◆ **To do**
Each line below must be printed exactly as it stands.

───── Extracted records ─────

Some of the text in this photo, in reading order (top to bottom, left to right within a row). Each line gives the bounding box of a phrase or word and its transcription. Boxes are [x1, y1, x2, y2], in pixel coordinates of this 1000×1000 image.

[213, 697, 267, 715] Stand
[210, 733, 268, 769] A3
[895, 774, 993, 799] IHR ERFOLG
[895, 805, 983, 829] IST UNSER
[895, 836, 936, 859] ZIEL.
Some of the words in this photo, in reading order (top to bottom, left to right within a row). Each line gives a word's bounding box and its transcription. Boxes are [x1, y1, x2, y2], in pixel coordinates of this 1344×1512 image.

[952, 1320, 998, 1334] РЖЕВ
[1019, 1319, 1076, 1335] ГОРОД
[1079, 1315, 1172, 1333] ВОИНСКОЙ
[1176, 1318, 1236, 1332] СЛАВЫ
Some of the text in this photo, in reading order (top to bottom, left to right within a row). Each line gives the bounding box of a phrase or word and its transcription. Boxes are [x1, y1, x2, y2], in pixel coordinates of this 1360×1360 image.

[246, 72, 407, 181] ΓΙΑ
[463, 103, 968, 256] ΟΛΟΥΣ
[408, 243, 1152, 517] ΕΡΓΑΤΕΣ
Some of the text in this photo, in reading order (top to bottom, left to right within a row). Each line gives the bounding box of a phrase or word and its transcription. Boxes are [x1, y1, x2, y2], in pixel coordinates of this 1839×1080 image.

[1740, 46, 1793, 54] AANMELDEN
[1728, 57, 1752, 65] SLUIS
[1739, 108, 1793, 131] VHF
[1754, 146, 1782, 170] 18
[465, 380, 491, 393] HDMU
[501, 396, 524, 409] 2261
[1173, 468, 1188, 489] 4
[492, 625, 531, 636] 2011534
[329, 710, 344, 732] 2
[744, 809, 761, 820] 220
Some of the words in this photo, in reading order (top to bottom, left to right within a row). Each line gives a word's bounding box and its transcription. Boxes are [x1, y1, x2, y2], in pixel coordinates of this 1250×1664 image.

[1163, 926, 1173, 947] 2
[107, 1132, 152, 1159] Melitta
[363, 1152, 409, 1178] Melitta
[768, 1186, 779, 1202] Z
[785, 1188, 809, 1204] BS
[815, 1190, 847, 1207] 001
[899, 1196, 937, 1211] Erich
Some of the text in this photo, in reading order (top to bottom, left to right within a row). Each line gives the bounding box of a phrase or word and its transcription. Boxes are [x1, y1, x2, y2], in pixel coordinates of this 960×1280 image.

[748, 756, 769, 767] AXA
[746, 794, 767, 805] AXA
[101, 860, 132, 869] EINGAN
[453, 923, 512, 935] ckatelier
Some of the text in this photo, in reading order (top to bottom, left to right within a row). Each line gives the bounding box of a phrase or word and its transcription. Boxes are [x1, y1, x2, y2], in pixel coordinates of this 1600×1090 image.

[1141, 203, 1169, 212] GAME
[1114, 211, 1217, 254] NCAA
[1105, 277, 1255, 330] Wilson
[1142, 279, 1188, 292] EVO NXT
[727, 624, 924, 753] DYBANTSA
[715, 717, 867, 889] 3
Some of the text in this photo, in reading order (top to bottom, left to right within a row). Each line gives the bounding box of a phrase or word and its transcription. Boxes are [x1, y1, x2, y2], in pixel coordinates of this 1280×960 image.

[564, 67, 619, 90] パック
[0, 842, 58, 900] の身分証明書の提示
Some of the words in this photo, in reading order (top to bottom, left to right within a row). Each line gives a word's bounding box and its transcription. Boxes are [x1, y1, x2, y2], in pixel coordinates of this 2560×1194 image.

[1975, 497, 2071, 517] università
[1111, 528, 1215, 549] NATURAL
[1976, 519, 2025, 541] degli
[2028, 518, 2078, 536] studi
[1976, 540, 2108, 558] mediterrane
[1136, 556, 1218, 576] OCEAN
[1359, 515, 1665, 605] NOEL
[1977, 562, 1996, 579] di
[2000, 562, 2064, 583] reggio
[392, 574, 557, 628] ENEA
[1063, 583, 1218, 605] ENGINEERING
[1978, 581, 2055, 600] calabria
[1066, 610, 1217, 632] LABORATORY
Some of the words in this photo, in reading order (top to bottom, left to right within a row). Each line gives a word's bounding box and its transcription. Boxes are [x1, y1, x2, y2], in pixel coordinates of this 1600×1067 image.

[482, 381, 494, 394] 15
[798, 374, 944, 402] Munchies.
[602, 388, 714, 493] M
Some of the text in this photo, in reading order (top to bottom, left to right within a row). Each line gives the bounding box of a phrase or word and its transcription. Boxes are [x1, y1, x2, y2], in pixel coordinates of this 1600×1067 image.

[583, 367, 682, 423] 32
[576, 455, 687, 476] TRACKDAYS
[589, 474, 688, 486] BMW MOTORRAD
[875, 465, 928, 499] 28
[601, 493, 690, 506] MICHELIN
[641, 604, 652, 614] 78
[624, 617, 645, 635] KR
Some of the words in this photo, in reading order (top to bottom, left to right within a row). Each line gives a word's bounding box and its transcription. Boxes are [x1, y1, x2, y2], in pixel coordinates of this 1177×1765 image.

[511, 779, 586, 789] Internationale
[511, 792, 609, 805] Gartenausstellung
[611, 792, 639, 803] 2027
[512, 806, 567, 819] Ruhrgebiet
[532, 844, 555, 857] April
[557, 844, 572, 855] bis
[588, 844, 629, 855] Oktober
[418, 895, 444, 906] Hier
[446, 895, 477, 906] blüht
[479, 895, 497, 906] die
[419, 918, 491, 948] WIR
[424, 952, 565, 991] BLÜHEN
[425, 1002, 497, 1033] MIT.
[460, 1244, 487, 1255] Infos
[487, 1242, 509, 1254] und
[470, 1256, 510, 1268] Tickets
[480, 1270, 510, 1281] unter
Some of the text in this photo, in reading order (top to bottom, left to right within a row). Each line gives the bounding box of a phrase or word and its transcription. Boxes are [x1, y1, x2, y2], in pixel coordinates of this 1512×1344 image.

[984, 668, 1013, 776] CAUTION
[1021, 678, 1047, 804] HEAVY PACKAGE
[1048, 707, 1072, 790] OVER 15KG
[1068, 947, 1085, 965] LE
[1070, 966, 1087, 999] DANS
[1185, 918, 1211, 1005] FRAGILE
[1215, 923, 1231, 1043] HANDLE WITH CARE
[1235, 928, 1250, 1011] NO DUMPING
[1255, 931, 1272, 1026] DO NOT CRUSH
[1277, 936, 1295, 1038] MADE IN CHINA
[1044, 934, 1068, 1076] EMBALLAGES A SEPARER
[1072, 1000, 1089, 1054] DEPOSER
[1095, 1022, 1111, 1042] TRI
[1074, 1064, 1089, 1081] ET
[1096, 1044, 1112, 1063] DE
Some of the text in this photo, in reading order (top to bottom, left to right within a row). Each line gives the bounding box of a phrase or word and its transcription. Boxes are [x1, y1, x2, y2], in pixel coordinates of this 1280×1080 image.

─────

◆ **Task solution**
Some of the text in this photo, in reading order (top to bottom, left to right within a row). Each line gives the bounding box of a phrase or word and its transcription. Boxes are [x1, y1, x2, y2], in pixel coordinates of this 1000×1000 image.

[213, 697, 267, 715] Stand
[210, 733, 268, 769] A3
[895, 774, 993, 799] IHR ERFOLG
[895, 805, 983, 829] IST UNSER
[895, 836, 936, 859] ZIEL.
Some of the words in this photo, in reading order (top to bottom, left to right within a row). Each line gives a word's bounding box and its transcription. Boxes are [x1, y1, x2, y2], in pixel coordinates of this 1344×1512 image.

[952, 1320, 998, 1334] РЖЕВ
[1019, 1319, 1076, 1335] ГОРОД
[1079, 1315, 1172, 1333] ВОИНСКОЙ
[1176, 1318, 1236, 1332] СЛАВЫ
Some of the text in this photo, in reading order (top to bottom, left to right within a row). Each line gives the bounding box of a phrase or word and its transcription. Boxes are [x1, y1, x2, y2], in pixel coordinates of this 1360×1360 image.

[246, 72, 407, 181] ΓΙΑ
[463, 103, 968, 256] ΟΛΟΥΣ
[408, 243, 1152, 517] ΕΡΓΑΤΕΣ
Some of the text in this photo, in reading order (top to bottom, left to right within a row). Each line gives the bounding box of a phrase or word and its transcription. Boxes are [x1, y1, x2, y2], in pixel coordinates of this 1839×1080 image.

[1740, 46, 1793, 54] AANMELDEN
[1728, 57, 1752, 65] SLUIS
[1739, 108, 1793, 131] VHF
[1754, 146, 1782, 170] 18
[465, 380, 491, 393] HDMU
[501, 396, 524, 409] 2261
[1173, 468, 1188, 489] 4
[492, 625, 531, 636] 2011534
[329, 710, 344, 732] 2
[744, 809, 761, 820] 220
Some of the words in this photo, in reading order (top to bottom, left to right within a row). Each line gives a word's bounding box and its transcription. Boxes are [x1, y1, x2, y2], in pixel coordinates of this 1250×1664 image.

[1163, 926, 1173, 947] 2
[107, 1132, 152, 1159] Melitta
[363, 1152, 409, 1178] Melitta
[768, 1186, 779, 1202] Z
[785, 1188, 809, 1204] BS
[815, 1190, 847, 1207] 001
[899, 1196, 937, 1211] Erich
Some of the text in this photo, in reading order (top to bottom, left to right within a row). Each line gives the bounding box of a phrase or word and its transcription. Boxes are [x1, y1, x2, y2], in pixel coordinates of this 960×1280 image.

[748, 756, 769, 767] AXA
[746, 794, 767, 805] AXA
[101, 860, 132, 869] EINGAN
[453, 923, 512, 935] ckatelier
Some of the text in this photo, in reading order (top to bottom, left to right within a row). Each line gives the bounding box of a phrase or word and its transcription. Boxes are [x1, y1, x2, y2], in pixel coordinates of this 1600×1090 image.

[1141, 203, 1169, 212] GAME
[1114, 211, 1217, 254] NCAA
[1105, 277, 1255, 330] Wilson
[1142, 279, 1188, 292] EVO NXT
[727, 624, 924, 753] DYBANTSA
[715, 717, 867, 889] 3
Some of the text in this photo, in reading order (top to bottom, left to right within a row). Each line gives the bounding box of a phrase or word and its transcription. Boxes are [x1, y1, x2, y2], in pixel coordinates of this 1280×960 image.

[564, 67, 619, 90] パック
[0, 842, 58, 900] の身分証明書の提示
Some of the words in this photo, in reading order (top to bottom, left to right within a row). Each line gives a word's bounding box and its transcription. Boxes are [x1, y1, x2, y2], in pixel coordinates of this 2560×1194 image.

[1975, 497, 2071, 517] università
[1111, 528, 1215, 549] NATURAL
[1976, 519, 2025, 541] degli
[2028, 518, 2078, 536] studi
[1976, 540, 2108, 558] mediterrane
[1136, 556, 1218, 576] OCEAN
[1359, 515, 1665, 605] NOEL
[1977, 562, 1996, 579] di
[2000, 562, 2064, 583] reggio
[392, 574, 557, 628] ENEA
[1063, 583, 1218, 605] ENGINEERING
[1978, 581, 2055, 600] calabria
[1066, 610, 1217, 632] LABORATORY
Some of the words in this photo, in reading order (top to bottom, left to right within a row). Each line gives a word's bounding box and its transcription. Boxes are [x1, y1, x2, y2], in pixel coordinates of this 1600×1067 image.

[482, 381, 494, 394] 15
[798, 374, 944, 402] Munchies.
[602, 388, 714, 493] M
Some of the text in this photo, in reading order (top to bottom, left to right within a row). Each line gives the bounding box of a phrase or word and its transcription. Boxes are [x1, y1, x2, y2], in pixel coordinates of this 1600×1067 image.

[583, 367, 682, 423] 32
[576, 455, 687, 476] TRACKDAYS
[589, 474, 688, 486] BMW MOTORRAD
[875, 465, 928, 499] 28
[601, 493, 690, 506] MICHELIN
[641, 604, 652, 614] 78
[624, 617, 645, 635] KR
Some of the words in this photo, in reading order (top to bottom, left to right within a row). Each line gives a word's bounding box and its transcription. Boxes are [x1, y1, x2, y2], in pixel coordinates of this 1177×1765 image.

[511, 779, 586, 789] Internationale
[511, 792, 609, 805] Gartenausstellung
[611, 792, 639, 803] 2027
[512, 806, 567, 819] Ruhrgebiet
[532, 844, 555, 857] April
[557, 844, 572, 855] bis
[588, 844, 629, 855] Oktober
[418, 895, 444, 906] Hier
[446, 895, 477, 906] blüht
[479, 895, 497, 906] die
[419, 918, 491, 948] WIR
[424, 952, 565, 991] BLÜHEN
[425, 1002, 497, 1033] MIT.
[460, 1244, 487, 1255] Infos
[487, 1242, 509, 1254] und
[470, 1256, 510, 1268] Tickets
[480, 1270, 510, 1281] unter
Some of the text in this photo, in reading order (top to bottom, left to right within a row). Each line gives the bounding box of a phrase or word and its transcription. Boxes are [x1, y1, x2, y2], in pixel coordinates of this 1512×1344 image.

[984, 668, 1013, 776] CAUTION
[1021, 678, 1047, 804] HEAVY PACKAGE
[1048, 707, 1072, 790] OVER 15KG
[1068, 947, 1085, 965] LE
[1070, 966, 1087, 999] DANS
[1185, 918, 1211, 1005] FRAGILE
[1215, 923, 1231, 1043] HANDLE WITH CARE
[1235, 928, 1250, 1011] NO DUMPING
[1255, 931, 1272, 1026] DO NOT CRUSH
[1277, 936, 1295, 1038] MADE IN CHINA
[1044, 934, 1068, 1076] EMBALLAGES A SEPARER
[1072, 1000, 1089, 1054] DEPOSER
[1095, 1022, 1111, 1042] TRI
[1074, 1064, 1089, 1081] ET
[1096, 1044, 1112, 1063] DE
Some of the text in this photo, in reading order (top to bottom, left to right within a row). Each line gives the bounding box of a phrase or word and its transcription. Boxes are [x1, y1, x2, y2], in pixel coordinates of this 1280×1080 image.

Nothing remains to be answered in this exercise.